Structure and Interactions of the Ubiquitin-Conjugating Enzyme Variant Human Uev1a: Implications for Enzymatic Synthesis of Polyubiquitin Chains,

Abstract

Lys(63)-linked polyubiquitination of TRAF2 or TRAF6 is an essential step within the signal transduction cascade responsible for activation of p38, c-Jun N-terminal kinase, and the transcription factor NF-kappaB. Attachment of ubiquitin (Ub) to a TRAF, and conjugation of Ub molecules to form a polyUb chain, is catalyzed by a heterodimer composed of a catalytically active E2 (hUbc13), involved in covalent bond transfer, and hUev1a, an E2-like protein involved in substrate Ub binding.
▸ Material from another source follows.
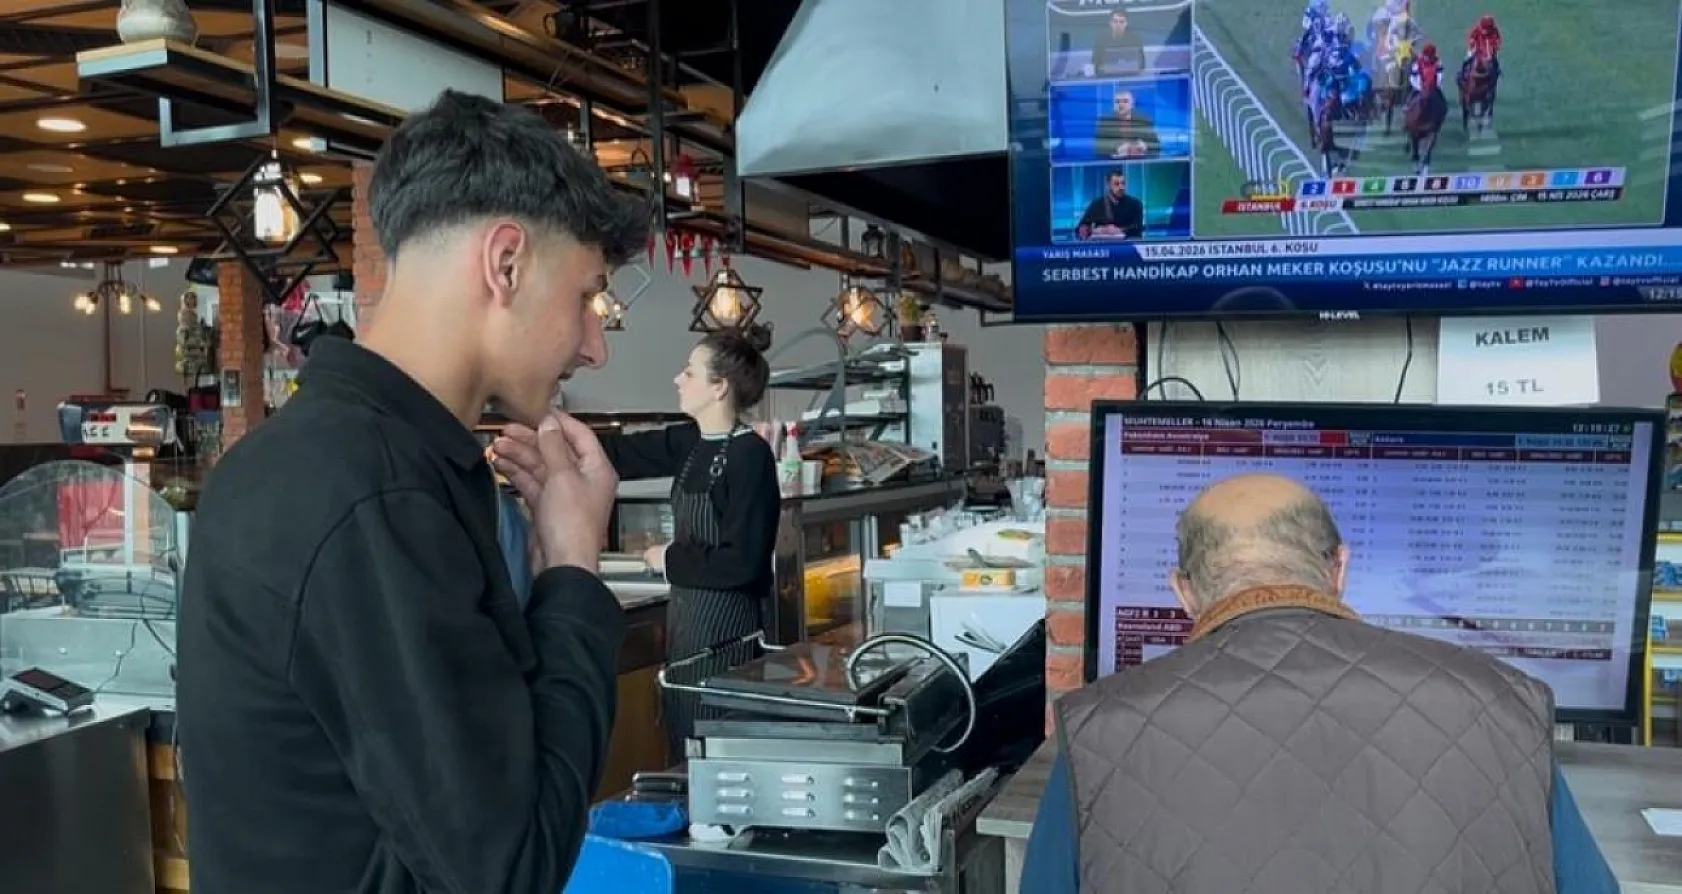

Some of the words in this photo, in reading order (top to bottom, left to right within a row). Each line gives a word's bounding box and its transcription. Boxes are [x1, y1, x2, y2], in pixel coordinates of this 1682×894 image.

Given the key biochemical processes in which hUev1a is involved, it is important to determine the molecular basis of the catalytic mechanism for Lys(63)-linked protein ubiquitination. Nuclear magnetic resonance (NMR) spectroscopy was used to determine the structure of hUev1a and its interactions with Ub and hUbc13. A structural model for the Ub-hUev1a-hUbc13-Ub tetramer was developed to gain chemical insight into the synthesis of Lys(63)-linked Ub chains. We propose that a network of hydrogen bonds involving hUbc13-Asp(81) and Ub-Glu(64) positions Ub-Lys(63) proximal to the active site. Interestingly, restrained molecular dynamics simulations in implicit solvent indicate that deprotonation of Ub-Lys(63) does not involve a general Asp or Glu base and may occur when the amino group approaches the thioester carbonyl carbon near the Bürgi-Dunitz trajectory.